# Task requirements
Each record that follows must be reproduced exactly.
_ _ _ _ _
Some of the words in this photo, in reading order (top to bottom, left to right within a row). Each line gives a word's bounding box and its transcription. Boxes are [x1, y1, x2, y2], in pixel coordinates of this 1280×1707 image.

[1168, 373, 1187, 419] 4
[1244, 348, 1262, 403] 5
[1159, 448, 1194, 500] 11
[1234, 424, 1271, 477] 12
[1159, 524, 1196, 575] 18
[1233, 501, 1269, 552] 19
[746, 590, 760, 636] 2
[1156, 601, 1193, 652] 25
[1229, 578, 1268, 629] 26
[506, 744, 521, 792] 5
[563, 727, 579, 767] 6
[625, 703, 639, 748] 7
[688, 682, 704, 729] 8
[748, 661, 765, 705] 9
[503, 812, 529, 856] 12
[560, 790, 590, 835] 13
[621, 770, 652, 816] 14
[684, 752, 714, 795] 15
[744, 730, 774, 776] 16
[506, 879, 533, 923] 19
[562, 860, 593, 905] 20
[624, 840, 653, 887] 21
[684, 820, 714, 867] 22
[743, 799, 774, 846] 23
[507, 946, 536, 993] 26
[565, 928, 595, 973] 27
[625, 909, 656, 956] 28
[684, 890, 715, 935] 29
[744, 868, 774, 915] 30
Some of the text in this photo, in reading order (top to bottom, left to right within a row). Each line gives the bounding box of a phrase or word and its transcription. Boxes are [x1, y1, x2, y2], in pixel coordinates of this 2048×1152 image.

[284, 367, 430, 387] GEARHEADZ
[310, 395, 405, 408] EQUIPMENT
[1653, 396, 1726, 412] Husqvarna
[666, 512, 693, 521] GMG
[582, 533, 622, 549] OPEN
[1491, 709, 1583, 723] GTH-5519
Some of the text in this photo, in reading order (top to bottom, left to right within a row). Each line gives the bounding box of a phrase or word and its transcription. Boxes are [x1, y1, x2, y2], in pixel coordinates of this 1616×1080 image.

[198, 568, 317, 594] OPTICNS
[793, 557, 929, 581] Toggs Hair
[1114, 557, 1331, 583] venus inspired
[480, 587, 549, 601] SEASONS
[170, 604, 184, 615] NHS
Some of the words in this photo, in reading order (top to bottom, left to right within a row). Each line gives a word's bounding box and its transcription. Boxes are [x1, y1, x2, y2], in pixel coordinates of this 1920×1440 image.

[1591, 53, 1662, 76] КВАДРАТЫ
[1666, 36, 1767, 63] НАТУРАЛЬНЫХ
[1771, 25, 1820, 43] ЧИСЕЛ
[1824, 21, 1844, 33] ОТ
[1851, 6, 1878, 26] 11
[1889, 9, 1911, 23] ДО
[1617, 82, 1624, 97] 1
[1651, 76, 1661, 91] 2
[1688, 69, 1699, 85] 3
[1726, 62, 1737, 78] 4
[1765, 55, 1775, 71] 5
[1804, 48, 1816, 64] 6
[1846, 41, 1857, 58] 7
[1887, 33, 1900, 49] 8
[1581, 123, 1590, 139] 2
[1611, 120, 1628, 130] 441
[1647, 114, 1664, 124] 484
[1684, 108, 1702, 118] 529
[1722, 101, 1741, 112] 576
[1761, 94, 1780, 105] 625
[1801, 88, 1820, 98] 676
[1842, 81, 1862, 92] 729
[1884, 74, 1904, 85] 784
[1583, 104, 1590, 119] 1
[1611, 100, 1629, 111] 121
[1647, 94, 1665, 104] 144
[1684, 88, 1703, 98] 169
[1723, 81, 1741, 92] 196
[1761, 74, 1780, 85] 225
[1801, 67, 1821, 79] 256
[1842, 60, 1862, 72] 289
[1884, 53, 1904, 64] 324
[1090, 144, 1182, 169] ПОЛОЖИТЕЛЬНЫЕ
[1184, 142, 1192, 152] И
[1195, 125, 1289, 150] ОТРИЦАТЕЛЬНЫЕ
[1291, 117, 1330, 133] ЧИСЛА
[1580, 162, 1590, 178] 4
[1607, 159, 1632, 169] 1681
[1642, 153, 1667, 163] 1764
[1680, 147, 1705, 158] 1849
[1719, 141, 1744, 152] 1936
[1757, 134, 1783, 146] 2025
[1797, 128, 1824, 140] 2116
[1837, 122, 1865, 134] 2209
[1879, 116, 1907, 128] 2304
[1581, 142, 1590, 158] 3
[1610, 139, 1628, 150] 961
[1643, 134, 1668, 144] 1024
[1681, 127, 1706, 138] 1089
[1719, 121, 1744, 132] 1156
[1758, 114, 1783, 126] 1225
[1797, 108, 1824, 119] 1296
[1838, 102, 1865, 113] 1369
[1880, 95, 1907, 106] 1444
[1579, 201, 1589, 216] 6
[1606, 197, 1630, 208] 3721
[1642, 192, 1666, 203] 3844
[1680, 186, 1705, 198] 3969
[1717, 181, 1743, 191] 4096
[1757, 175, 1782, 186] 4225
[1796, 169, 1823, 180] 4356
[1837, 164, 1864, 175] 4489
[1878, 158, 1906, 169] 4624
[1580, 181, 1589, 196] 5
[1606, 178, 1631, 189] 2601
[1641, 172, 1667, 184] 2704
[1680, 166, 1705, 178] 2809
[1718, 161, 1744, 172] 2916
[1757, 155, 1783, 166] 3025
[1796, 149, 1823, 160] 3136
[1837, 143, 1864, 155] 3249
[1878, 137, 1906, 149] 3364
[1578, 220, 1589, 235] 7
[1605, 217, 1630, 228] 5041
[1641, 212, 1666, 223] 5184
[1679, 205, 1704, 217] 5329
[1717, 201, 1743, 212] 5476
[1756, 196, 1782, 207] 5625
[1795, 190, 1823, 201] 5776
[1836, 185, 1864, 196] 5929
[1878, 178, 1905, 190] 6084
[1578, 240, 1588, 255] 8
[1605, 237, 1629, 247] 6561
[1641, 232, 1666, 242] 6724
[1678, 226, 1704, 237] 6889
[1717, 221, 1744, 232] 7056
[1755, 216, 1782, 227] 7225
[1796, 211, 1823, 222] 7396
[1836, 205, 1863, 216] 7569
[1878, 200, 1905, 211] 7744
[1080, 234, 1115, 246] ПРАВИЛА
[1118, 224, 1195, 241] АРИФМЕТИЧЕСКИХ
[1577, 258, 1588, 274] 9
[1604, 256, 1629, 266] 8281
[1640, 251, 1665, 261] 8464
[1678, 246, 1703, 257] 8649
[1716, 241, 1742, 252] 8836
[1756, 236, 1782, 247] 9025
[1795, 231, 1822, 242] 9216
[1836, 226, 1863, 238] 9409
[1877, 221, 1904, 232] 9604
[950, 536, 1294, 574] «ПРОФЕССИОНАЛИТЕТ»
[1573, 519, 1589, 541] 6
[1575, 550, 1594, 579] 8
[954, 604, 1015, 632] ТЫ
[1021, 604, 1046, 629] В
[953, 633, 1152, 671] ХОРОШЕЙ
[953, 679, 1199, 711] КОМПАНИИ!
_ _ _ _ _
# Result of the exercise
Some of the words in this photo, in reading order (top to bottom, left to right within a row). Each line gives a word's bounding box and its transcription. Boxes are [x1, y1, x2, y2], in pixel coordinates of this 1280×1707 image.

[1168, 373, 1187, 419] 4
[1244, 348, 1262, 403] 5
[1159, 448, 1194, 500] 11
[1234, 424, 1271, 477] 12
[1159, 524, 1196, 575] 18
[1233, 501, 1269, 552] 19
[746, 590, 760, 636] 2
[1156, 601, 1193, 652] 25
[1229, 578, 1268, 629] 26
[506, 744, 521, 792] 5
[563, 727, 579, 767] 6
[625, 703, 639, 748] 7
[688, 682, 704, 729] 8
[748, 661, 765, 705] 9
[503, 812, 529, 856] 12
[560, 790, 590, 835] 13
[621, 770, 652, 816] 14
[684, 752, 714, 795] 15
[744, 730, 774, 776] 16
[506, 879, 533, 923] 19
[562, 860, 593, 905] 20
[624, 840, 653, 887] 21
[684, 820, 714, 867] 22
[743, 799, 774, 846] 23
[507, 946, 536, 993] 26
[565, 928, 595, 973] 27
[625, 909, 656, 956] 28
[684, 890, 715, 935] 29
[744, 868, 774, 915] 30
Some of the text in this photo, in reading order (top to bottom, left to right within a row). Each line gives the bounding box of a phrase or word and its transcription. Boxes are [x1, y1, x2, y2], in pixel coordinates of this 2048×1152 image.

[284, 367, 430, 387] GEARHEADZ
[310, 395, 405, 408] EQUIPMENT
[1653, 396, 1726, 412] Husqvarna
[666, 512, 693, 521] GMG
[582, 533, 622, 549] OPEN
[1491, 709, 1583, 723] GTH-5519
Some of the text in this photo, in reading order (top to bottom, left to right within a row). Each line gives the bounding box of a phrase or word and its transcription. Boxes are [x1, y1, x2, y2], in pixel coordinates of this 1616×1080 image.

[198, 568, 317, 594] OPTICNS
[793, 557, 929, 581] Toggs Hair
[1114, 557, 1331, 583] venus inspired
[480, 587, 549, 601] SEASONS
[170, 604, 184, 615] NHS
Some of the words in this photo, in reading order (top to bottom, left to right within a row). Each line gives a word's bounding box and its transcription. Boxes are [x1, y1, x2, y2], in pixel coordinates of this 1920×1440 image.

[1591, 53, 1662, 76] КВАДРАТЫ
[1666, 36, 1767, 63] НАТУРАЛЬНЫХ
[1771, 25, 1820, 43] ЧИСЕЛ
[1824, 21, 1844, 33] ОТ
[1851, 6, 1878, 26] 11
[1889, 9, 1911, 23] ДО
[1617, 82, 1624, 97] 1
[1651, 76, 1661, 91] 2
[1688, 69, 1699, 85] 3
[1726, 62, 1737, 78] 4
[1765, 55, 1775, 71] 5
[1804, 48, 1816, 64] 6
[1846, 41, 1857, 58] 7
[1887, 33, 1900, 49] 8
[1581, 123, 1590, 139] 2
[1611, 120, 1628, 130] 441
[1647, 114, 1664, 124] 484
[1684, 108, 1702, 118] 529
[1722, 101, 1741, 112] 576
[1761, 94, 1780, 105] 625
[1801, 88, 1820, 98] 676
[1842, 81, 1862, 92] 729
[1884, 74, 1904, 85] 784
[1583, 104, 1590, 119] 1
[1611, 100, 1629, 111] 121
[1647, 94, 1665, 104] 144
[1684, 88, 1703, 98] 169
[1723, 81, 1741, 92] 196
[1761, 74, 1780, 85] 225
[1801, 67, 1821, 79] 256
[1842, 60, 1862, 72] 289
[1884, 53, 1904, 64] 324
[1090, 144, 1182, 169] ПОЛОЖИТЕЛЬНЫЕ
[1184, 142, 1192, 152] И
[1195, 125, 1289, 150] ОТРИЦАТЕЛЬНЫЕ
[1291, 117, 1330, 133] ЧИСЛА
[1580, 162, 1590, 178] 4
[1607, 159, 1632, 169] 1681
[1642, 153, 1667, 163] 1764
[1680, 147, 1705, 158] 1849
[1719, 141, 1744, 152] 1936
[1757, 134, 1783, 146] 2025
[1797, 128, 1824, 140] 2116
[1837, 122, 1865, 134] 2209
[1879, 116, 1907, 128] 2304
[1581, 142, 1590, 158] 3
[1610, 139, 1628, 150] 961
[1643, 134, 1668, 144] 1024
[1681, 127, 1706, 138] 1089
[1719, 121, 1744, 132] 1156
[1758, 114, 1783, 126] 1225
[1797, 108, 1824, 119] 1296
[1838, 102, 1865, 113] 1369
[1880, 95, 1907, 106] 1444
[1579, 201, 1589, 216] 6
[1606, 197, 1630, 208] 3721
[1642, 192, 1666, 203] 3844
[1680, 186, 1705, 198] 3969
[1717, 181, 1743, 191] 4096
[1757, 175, 1782, 186] 4225
[1796, 169, 1823, 180] 4356
[1837, 164, 1864, 175] 4489
[1878, 158, 1906, 169] 4624
[1580, 181, 1589, 196] 5
[1606, 178, 1631, 189] 2601
[1641, 172, 1667, 184] 2704
[1680, 166, 1705, 178] 2809
[1718, 161, 1744, 172] 2916
[1757, 155, 1783, 166] 3025
[1796, 149, 1823, 160] 3136
[1837, 143, 1864, 155] 3249
[1878, 137, 1906, 149] 3364
[1578, 220, 1589, 235] 7
[1605, 217, 1630, 228] 5041
[1641, 212, 1666, 223] 5184
[1679, 205, 1704, 217] 5329
[1717, 201, 1743, 212] 5476
[1756, 196, 1782, 207] 5625
[1795, 190, 1823, 201] 5776
[1836, 185, 1864, 196] 5929
[1878, 178, 1905, 190] 6084
[1578, 240, 1588, 255] 8
[1605, 237, 1629, 247] 6561
[1641, 232, 1666, 242] 6724
[1678, 226, 1704, 237] 6889
[1717, 221, 1744, 232] 7056
[1755, 216, 1782, 227] 7225
[1796, 211, 1823, 222] 7396
[1836, 205, 1863, 216] 7569
[1878, 200, 1905, 211] 7744
[1080, 234, 1115, 246] ПРАВИЛА
[1118, 224, 1195, 241] АРИФМЕТИЧЕСКИХ
[1577, 258, 1588, 274] 9
[1604, 256, 1629, 266] 8281
[1640, 251, 1665, 261] 8464
[1678, 246, 1703, 257] 8649
[1716, 241, 1742, 252] 8836
[1756, 236, 1782, 247] 9025
[1795, 231, 1822, 242] 9216
[1836, 226, 1863, 238] 9409
[1877, 221, 1904, 232] 9604
[950, 536, 1294, 574] «ПРОФЕССИОНАЛИТЕТ»
[1573, 519, 1589, 541] 6
[1575, 550, 1594, 579] 8
[954, 604, 1015, 632] ТЫ
[1021, 604, 1046, 629] В
[953, 633, 1152, 671] ХОРОШЕЙ
[953, 679, 1199, 711] КОМПАНИИ!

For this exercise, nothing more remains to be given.